Europe

the fires in France and Spain mobilize the EU

Elisabeth Borne talks with firefighters during her visit to Hostens this Thursday.

“He’s an ogre, a monster.” With these words, the firefighter Gregory Allione has expressed to the RTL station his desolation and impotence in the face of the flames that have already destroyed more than 50,000 hectares in the worst wave of fires that has devastated France. Those who fight it on the front line are overwhelmed, and there are more than 10,000, but they are not enough, nor are the material means. President Emmanuel Macron He has asked Europe for help and is going to receive it: “Solidarity is on the march,” he announced.

Men and women, vehicles and planes from Germany, Greece, Poland, Romania and Austria begin to arrive on the ground. The European Commission has also been in charge of coordinating the assistance of four planes, two from Greece and another two from Sweden, to join the extinction work. France is usually the one that lends all the resources at its disposal to lend a hand to other countries, but this time it is the country hit. The authorities attribute it to an “explosive cocktail” of climatic conditions.

The means received from the European partners will serve to reinforce the device, the largest ever deployed in France, but also so that those who have been working for long weeks without rest can take a break. Assistance that has come through the Civil Protection Mechanismas the Commissioner for Crisis Management has pointed out, Janez Lenarcic. The senior official from Brussels stressed that “the EU shows full solidarity when a country faces an emergency”.

the prime minister, Elizabeth Borne, has called for fighting “more than ever” against climate change, but also for a realism that involves adapting to it to the extent that we are already suffering the consequences. Borne has visited Hostens, in the southwest, where the fire, out of control, has forced the evacuation of more than 10,000 people. It is the place from which Gregory Allione has described the fire as an entity with a life of its own, insatiable, invincible.

“This is gigantic”

In effect, the conditions are giving the flames what they need to move forward. “The conditions are particularly difficult.
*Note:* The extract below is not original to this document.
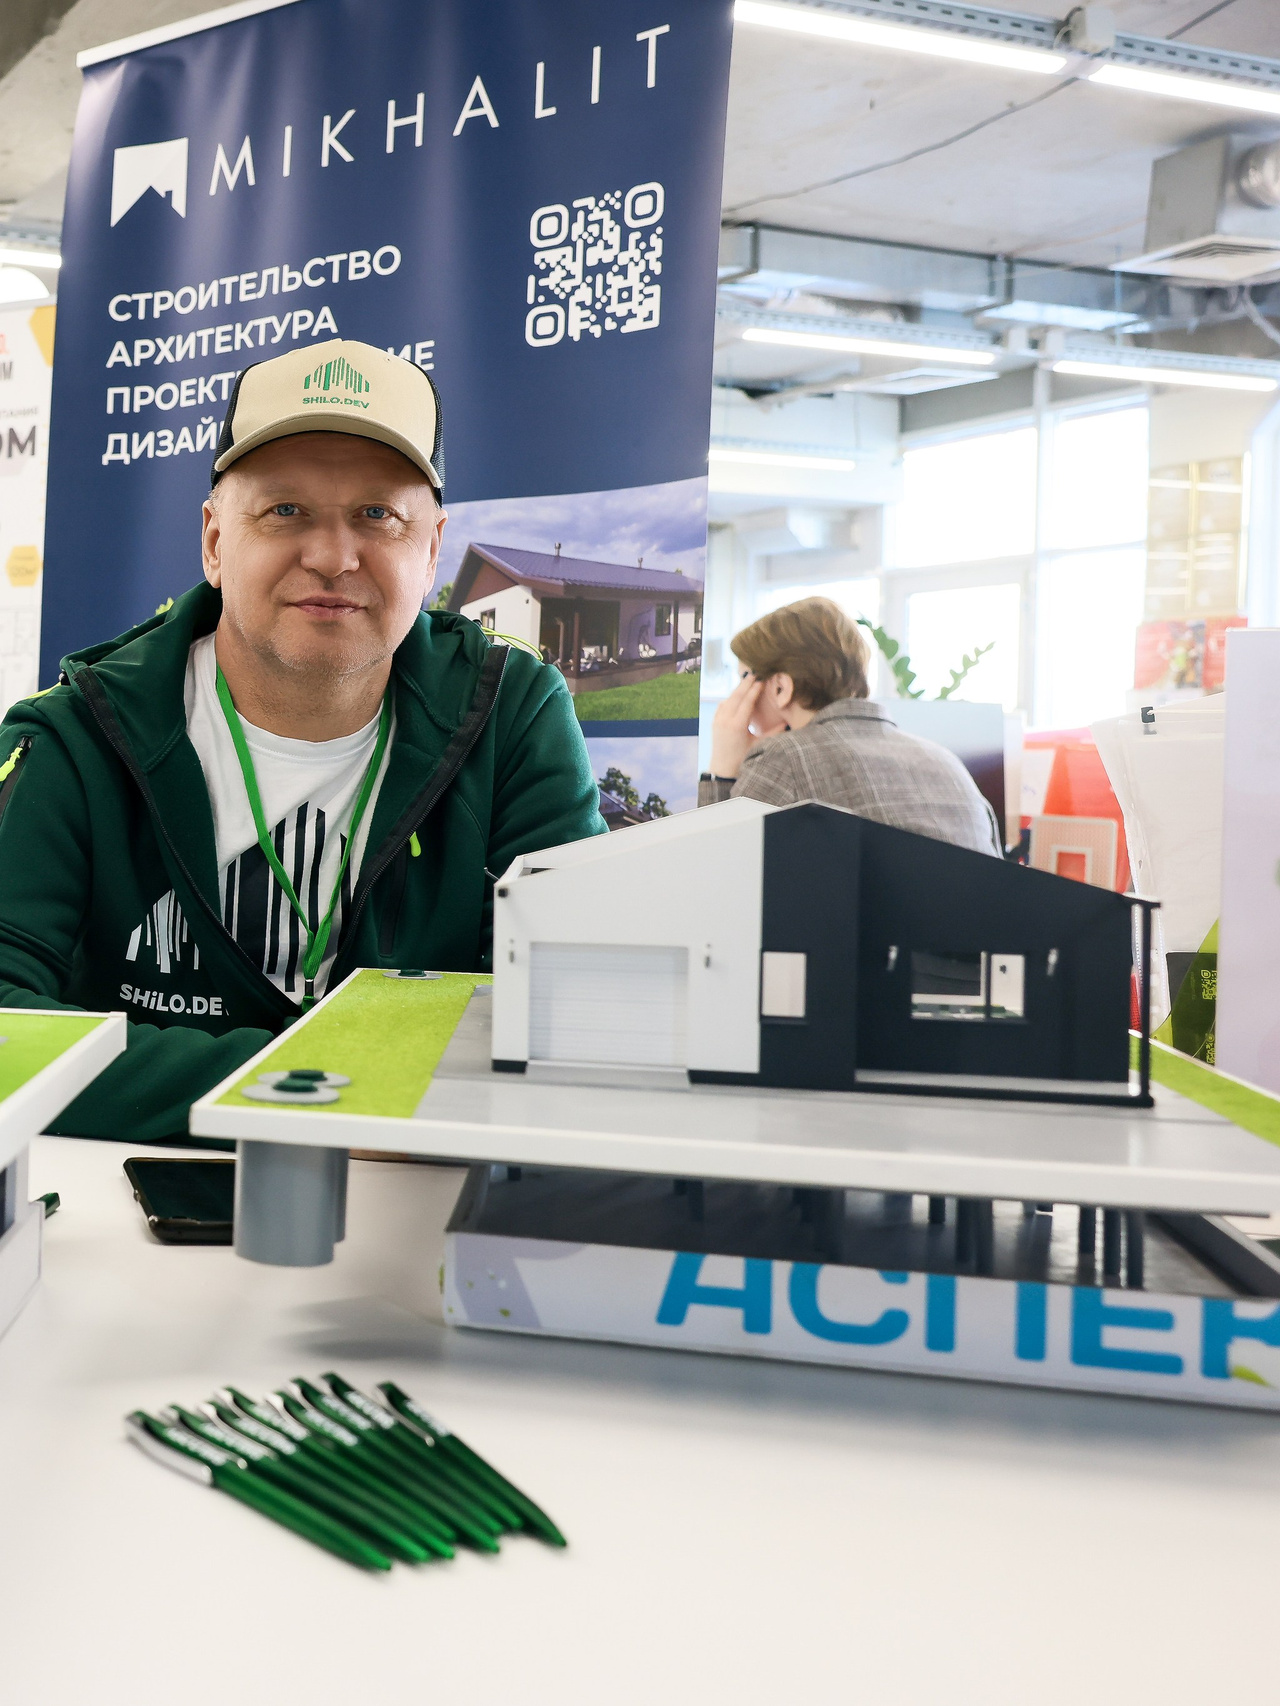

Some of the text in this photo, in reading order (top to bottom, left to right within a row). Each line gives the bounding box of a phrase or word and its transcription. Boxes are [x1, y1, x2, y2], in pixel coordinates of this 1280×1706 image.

[208, 24, 671, 196] MIKHALIT
[108, 244, 403, 323] СТРОИТЕЛЬСТВО
[105, 305, 339, 369] АРХИТЕКТУРА
[119, 983, 230, 1017] SHiLO.DE
The vegetation and the soil are exceptionally dry. (…) There is a very serious risk of new outbreaks,” those responsible for the extinction have warned. The temperatures will not let up until Sunday. This Thursday they reached 40 degrees in the Gironde and Landes departments, the hardest hit. “You would think it was California, this is gigantic,” firefighter Remy Lahay told Agence France-Presse.

[Europa, ante una era de ‘megaincendios’: emiten más CO2 y escapan a los esfuerzos de extinción]

Borne has traveled accompanied by the Minister of the Interior, Gerald Darmanin, which asks to wait for the conclusion of the investigations but points to a “criminal origin” of the tragedy at that point. Darmanin has pointed out that nine out of ten starts are caused by man, such as the one that happened in Aveyron (southeast), where justice has charged a farmer.

The minister has asked companies and public administrations to release all their workers from their obligations so that they can act as volunteers. Carrefour, the company with the most employees in the country, has sent a circular to its shopping centers to give days off to those who have training to cooperate with firefighters.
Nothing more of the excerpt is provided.